▶ **Description of the task**
Keep every word of the entries and print them exactly; the pictures stay out.
....
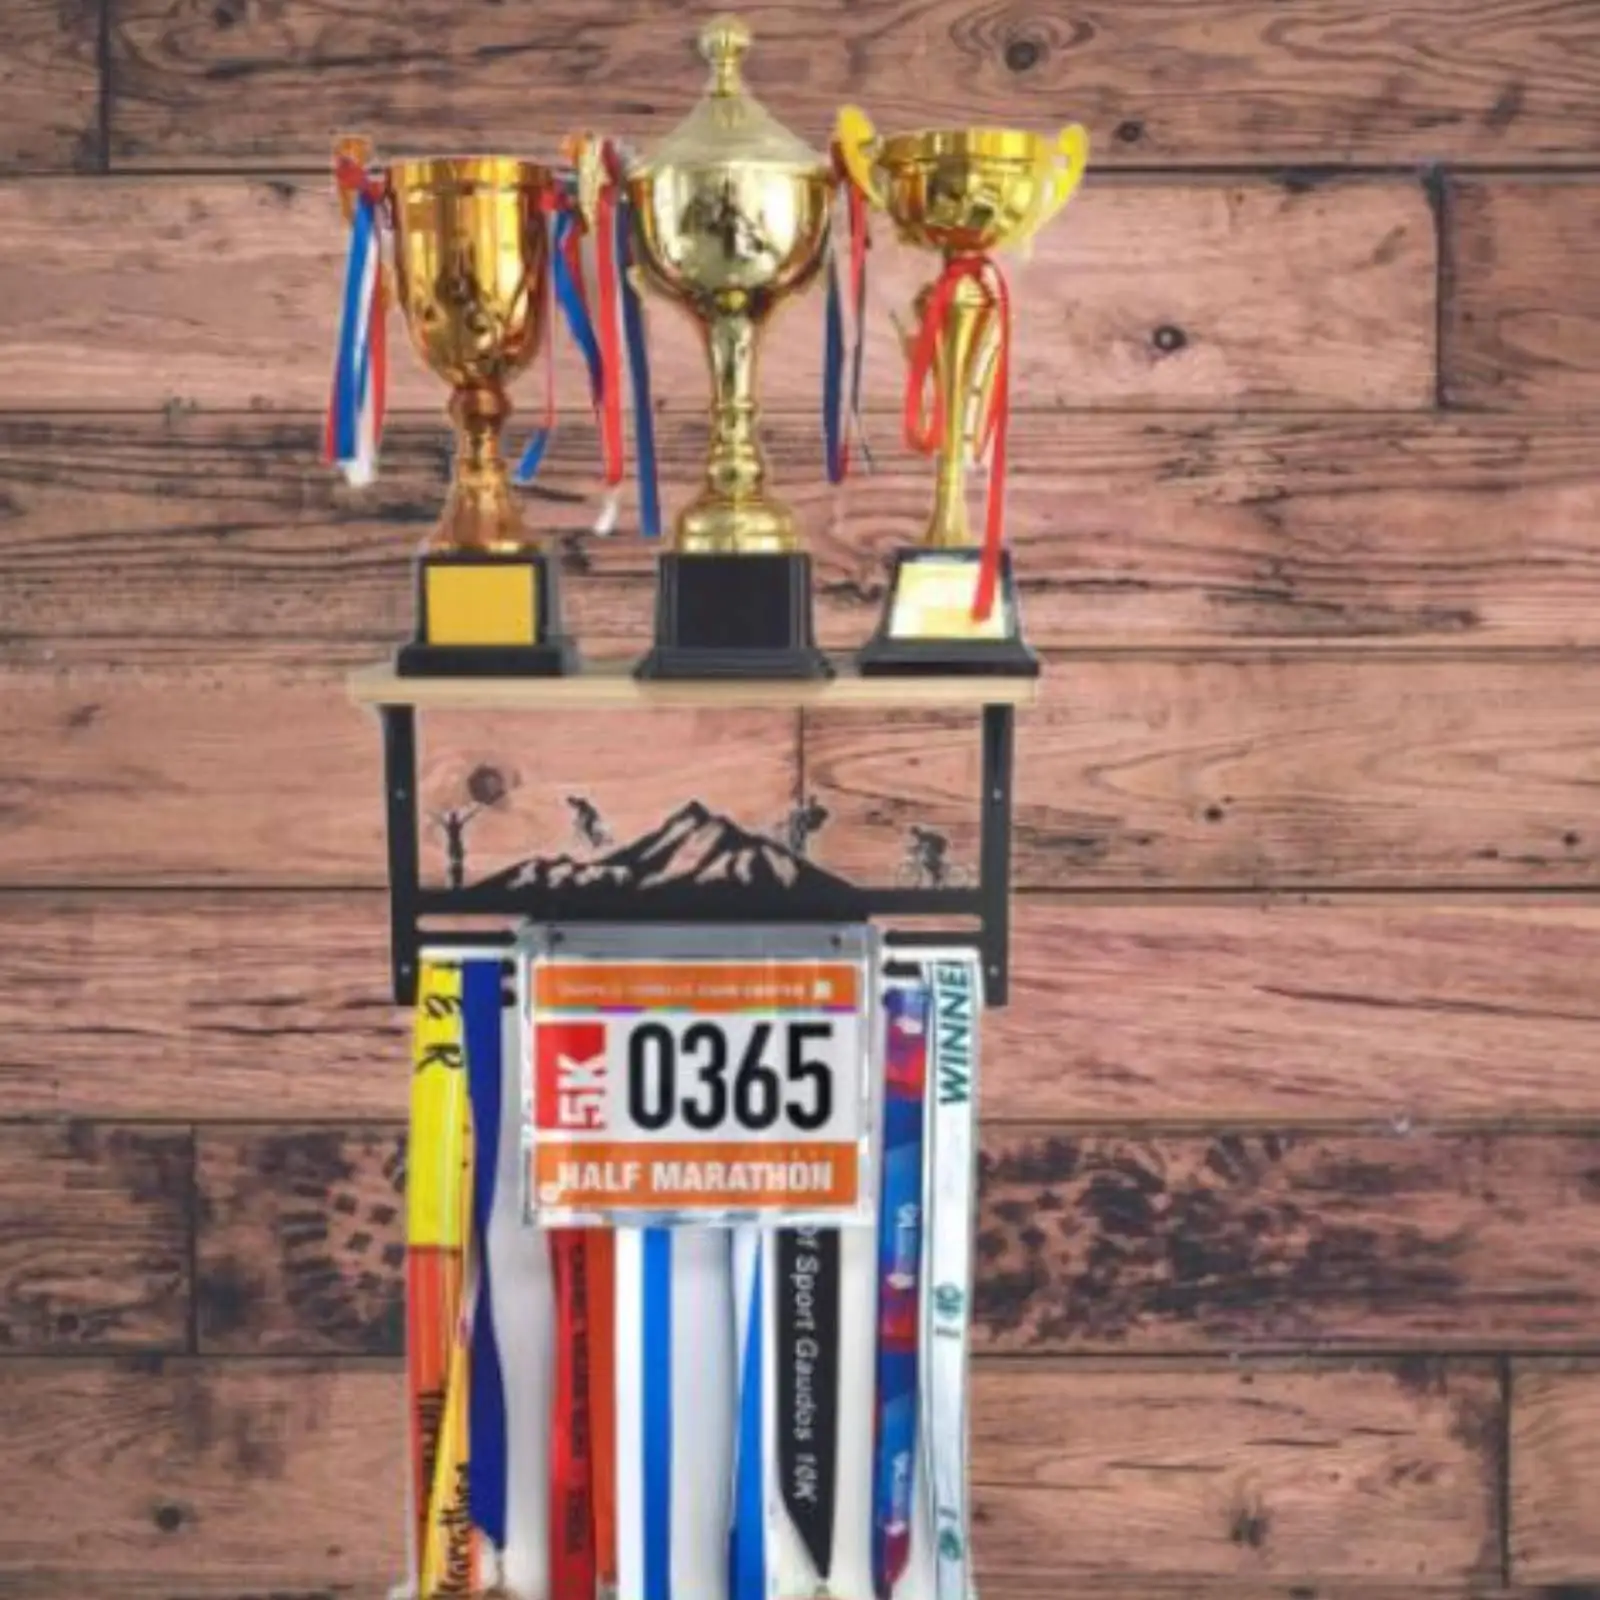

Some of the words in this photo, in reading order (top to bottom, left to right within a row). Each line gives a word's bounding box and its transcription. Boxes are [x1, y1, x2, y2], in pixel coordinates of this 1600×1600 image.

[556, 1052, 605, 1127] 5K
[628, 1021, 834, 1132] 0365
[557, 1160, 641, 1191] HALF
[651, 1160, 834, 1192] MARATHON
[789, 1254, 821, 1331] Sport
....
▶ **Exercise response**
Some of the words in this photo, in reading order (top to bottom, left to right within a row). Each line gives a word's bounding box and its transcription. Boxes are [x1, y1, x2, y2], in pixel coordinates of this 1600×1600 image.

[556, 1052, 605, 1127] 5K
[628, 1021, 834, 1132] 0365
[557, 1160, 641, 1191] HALF
[651, 1160, 834, 1192] MARATHON
[789, 1254, 821, 1331] Sport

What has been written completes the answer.